Ich bin zwar kein Kid mehr, dennoch verspüre ich manchmal den Drang etwas dummes zu tun.....die Glotze mit Gewalt auf die Strase zu befördern...


----------



## Wopkal (13. April 2010)

*AW: Stern's "Geißeln der Talkshows" Diesmal: Christian Pfeiffer*

tja der mann wird aber immer wieder etwas zu sagen, haben und es werden ihn auch genug leute zu hören und seine bücher/aufsätze/thesen lesen. er ist nun mal der bekannteste und in der wissenschaft auch anerkannteste deutsche kriminologe. bei uns an der uni sehr bekannt und heiß diskutiert.


----------



## fuddles (13. April 2010)

*AW: Stern's "Geißeln der Talkshows" Diesmal: Christian Pfeiffer*

Der Stern, so kritisch? Lange keinen so guten Artikel mehr von denen gelesen.


----------



## frEnzy (13. April 2010)

*AW: Stern's "Geißeln der Talkshows" Diesmal: Christian Pfeiffer*

Berühmt oder nicht: Was er von sich gibt ist gefährlich! Er schärt vieles über einen Kamm, packt alles immer schön in Schubladen und stützt sich dabei auf (mindestens) sehr fragliche Daten/Thesen/Vermutungen. Dass seine Äußerungen so sellten hinterfragt werden, ist das eigentliche Problem. Er behauptet halt gerne, dass er (und nur er) Recht hat, mit allem was er behauptet.
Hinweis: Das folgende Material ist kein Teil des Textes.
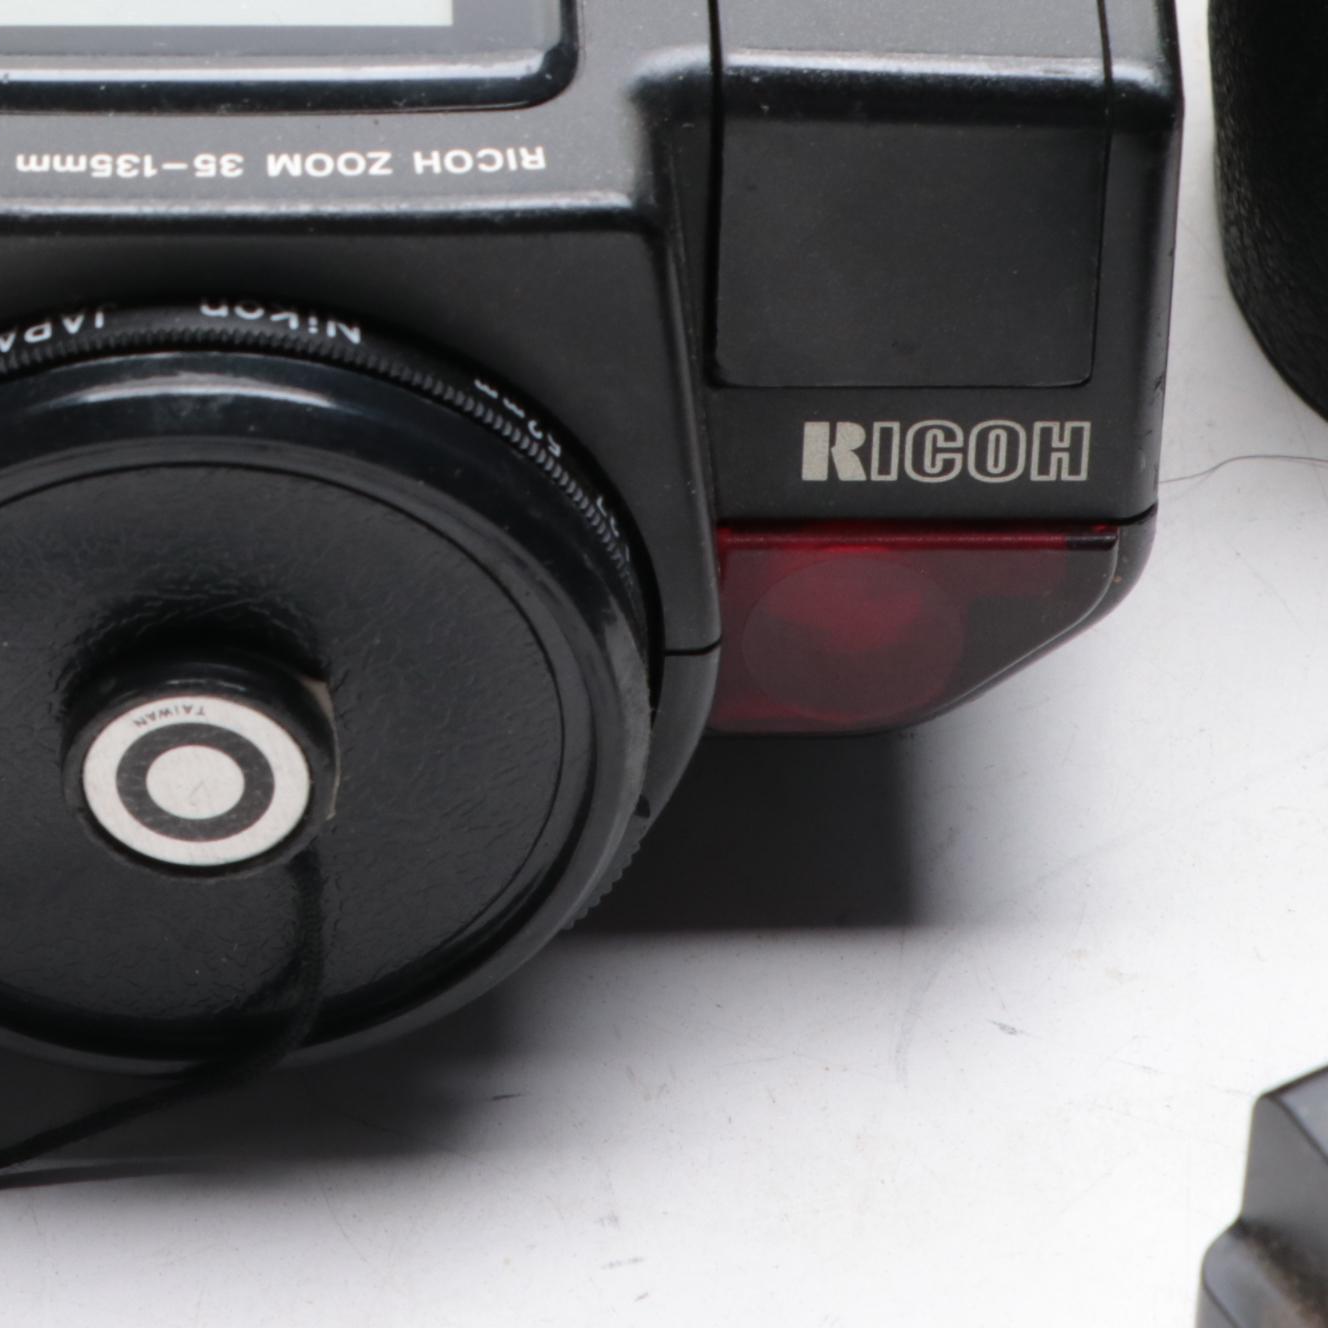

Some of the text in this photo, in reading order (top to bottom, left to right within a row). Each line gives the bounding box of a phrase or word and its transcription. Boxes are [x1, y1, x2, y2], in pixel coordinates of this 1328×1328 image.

Leider ist es nicht so einfach, wie Herr "Ich denke gern schwarz-weiß" Pfeiffer es gerne hätte. Seine simplen Erklärungsversuche für komplexe Themen sind was für Stammtische und halten wissenschaftlichen Untersuchungen i.d.R. nicht stand. Er ist halt auch nur ein geldgeiler Machtmensch, der sein Institut mit Aufträgen versorgen muss.


----------



## Wopkal (13. April 2010)

*AW: Stern's "Geißeln der Talkshows" Diesmal: Christian Pfeiffer*

Kann dem generell zu stimmen. Ich denke außerdem das jeder in der Pflicht steht seine erworbenen Kenntnisse zu belegen. Also lese ich etwas, sollte ich schauen ob ich nicht irgendwo etwas gegenteiliges finde. Demnach kann ja jeder für sich selbst überlegen wie glaubhaft solche Menschen sind.


----------



## schneiderbernd (13. April 2010)

*AW: Stern's "Geißeln der Talkshows" Diesmal: Christian Pfeiffer*

..nun dieser Mensch ist doch das beste Beispiel dafür wie verdummt die Erwachsenenwelt ist...ein Spiegel unserer Gesellschaft die CDU/CSU Wähler....die größten Verbrecher....200 Millarden zur Bankenrettung und tausende Kinder müssen hungern...wir führen Krieg für die Amis und so ein Idiot regt sich über Killerspiele auf...lustig!!!..aber dieses Land ist eh schon verloren!!...zumindest solange solche Vollidioten mit ihren Phrasen erhört werden!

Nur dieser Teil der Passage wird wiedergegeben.